Beauty and the Beast

In Walt Disney’s “Beauty and the Beast’ there is a scene near the end of the film where the heroine  “Belle” finally kisses the ugly beast. Immediately not only is he transformed into the ubiquitous handsome prince, but the screen is filled wth blazing stars and lusciously romantic music. Watching this a friend of ours remarked with some degree of cynicism to her young daughter, “Don’t expect your first kiss to be quite like that”.

This scene came to my mind recently as I read an article in the Times about the latest teenage phone App.  Known as  “Am I Pretty” apps, teenagers who use these upload a photo of themselves and the AI driven algorithm will rate how pretty they are. As if teenagers don’t already face enough body issues!. The app analyses the photo to determine the holder’s facial symmetry structure and the proportion of their features to give them a score.  Some of these apps compare the holder’s features to those of celebrities.  Others offer beauty products designed to achieve a higher score. It doesn’t take a genius to work out the impact of such apps on the self esteem of often fragile teenage egos. The terrifying message is, “if you’re not pretty, you’re nothing”. Commenting on these apps one psychologist remarks,  “Real beauty is not about facial symmetry or the distance between your eyes”. To put it another way true beauty is inner beauty, ie beauty of character and attitude and action.

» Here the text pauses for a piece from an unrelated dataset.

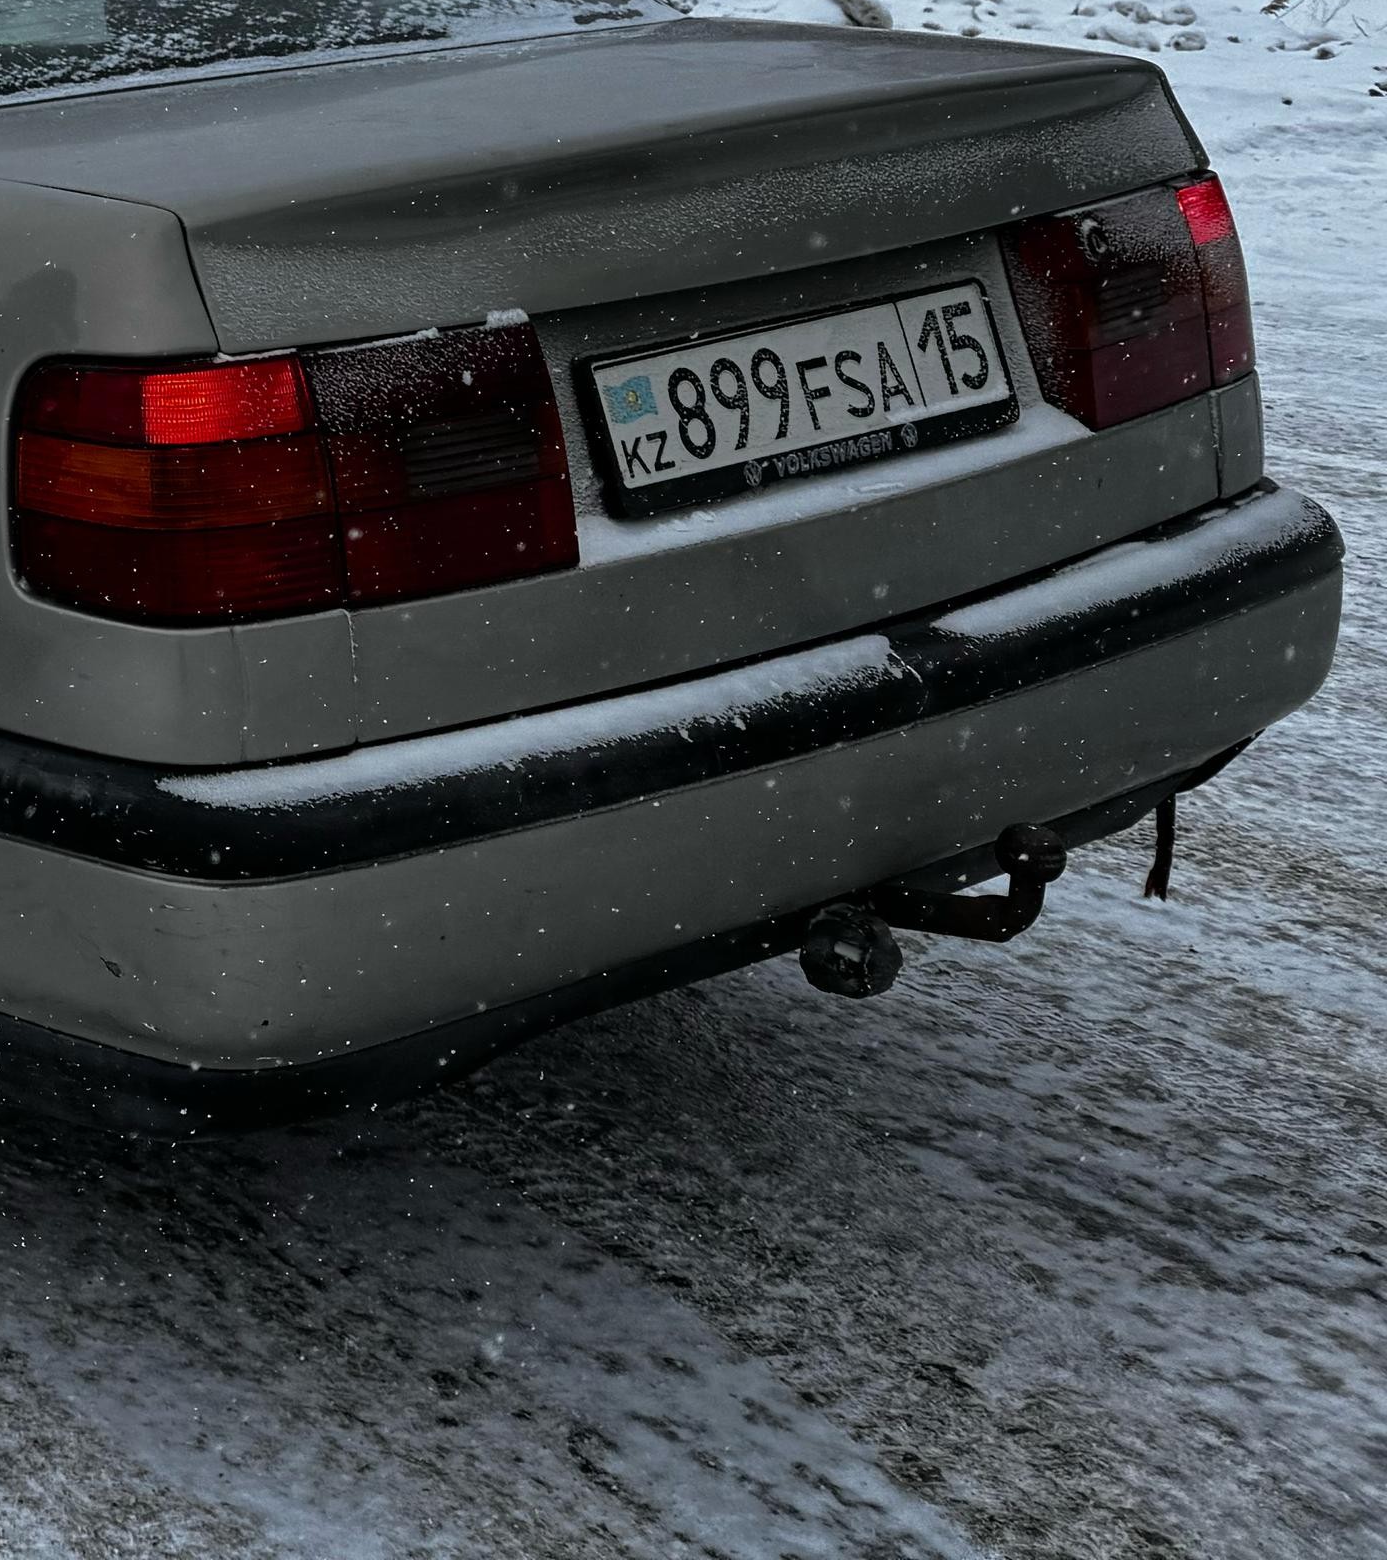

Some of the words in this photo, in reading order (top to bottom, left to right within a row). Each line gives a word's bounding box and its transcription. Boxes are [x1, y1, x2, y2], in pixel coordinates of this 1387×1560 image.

[667, 342, 915, 459] 899FSA
[917, 302, 990, 395] 15
[621, 431, 676, 479] KZ
[774, 431, 893, 477] VOLKSWAGEN

That brought me back to “Beauty and the Beast”. It wasn’t Belle’s outer beauty that changed the Beast, but the beauty of her action.  In reaching out to what the world saw as an ugly reject she transformed him and made him whole.  Writing in the New Testament Peter, one of the early church leaders, gives a similar message. Writing to Christian women (although this could also be applied to men) he said this. “Your beauty should not come from outward adornment such as elaborate hairstyles———rather it should come from the inner self, the unfading beauty of a quiet and gentle spirit”. Notice that word “unfading”. Inner beauty ie the beauty of your character will never fade whether you are 8 or 80. Outer beauty will fade all too quickly despite all the beauty treatments in the world. Inner beauty is not afraid of the bathroom mirror. It is that inner beauty that Jesus offers to all who ask. The beauty of a kind and loving heart.  I wonder if we taught our teenagers that kind of beauty whether  many of their problems would vanish.